[Collected data]
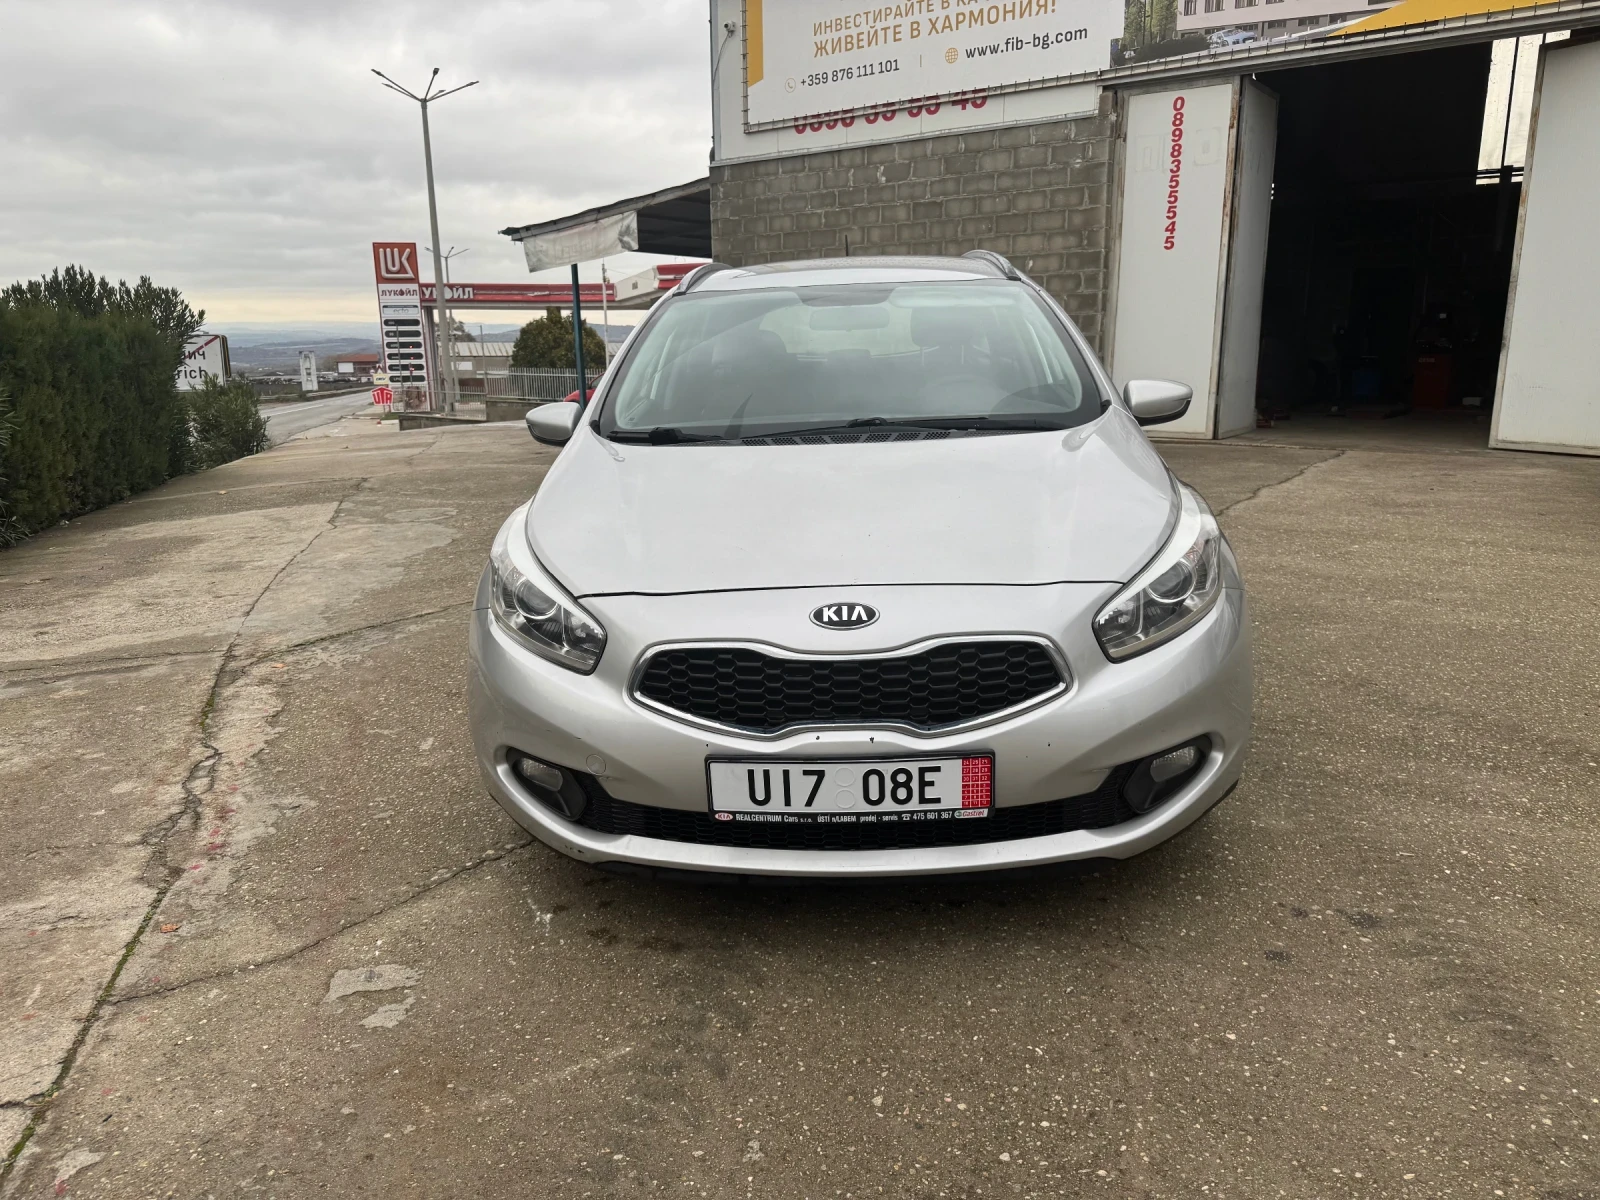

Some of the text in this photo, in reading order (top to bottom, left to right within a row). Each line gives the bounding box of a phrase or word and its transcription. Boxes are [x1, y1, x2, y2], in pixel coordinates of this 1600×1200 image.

[814, 0, 1056, 58] ЖИВЕЙТЕ В ХАРМОНИЯ!
[965, 28, 1088, 59] www.fib-bg.com
[801, 59, 900, 87] +359 876 111 101
[1163, 96, 1186, 250] 0898355545
[822, 605, 869, 622] KIA
[862, 765, 942, 806] 08E
[735, 813, 782, 822] REALCENTRUM
[783, 814, 799, 823] Cars
[860, 814, 877, 823] prodej
[882, 813, 899, 821] servis
[912, 812, 925, 820] 475
[926, 811, 938, 820] 601
[940, 811, 952, 819] 367

• [What the task requires]
Set down the records exactly, without the pictures.

• [Response to this exercise]
Some of the text in this photo, in reading order (top to bottom, left to right within a row). Each line gives the bounding box of a phrase or word and its transcription. Boxes are [x1, y1, x2, y2], in pixel coordinates of this 1600×1200 image.

[814, 0, 1056, 58] ЖИВЕЙТЕ В ХАРМОНИЯ!
[965, 28, 1088, 59] www.fib-bg.com
[801, 59, 900, 87] +359 876 111 101
[1163, 96, 1186, 250] 0898355545
[822, 605, 869, 622] KIA
[862, 765, 942, 806] 08E
[735, 813, 782, 822] REALCENTRUM
[783, 814, 799, 823] Cars
[860, 814, 877, 823] prodej
[882, 813, 899, 821] servis
[912, 812, 925, 820] 475
[926, 811, 938, 820] 601
[940, 811, 952, 819] 367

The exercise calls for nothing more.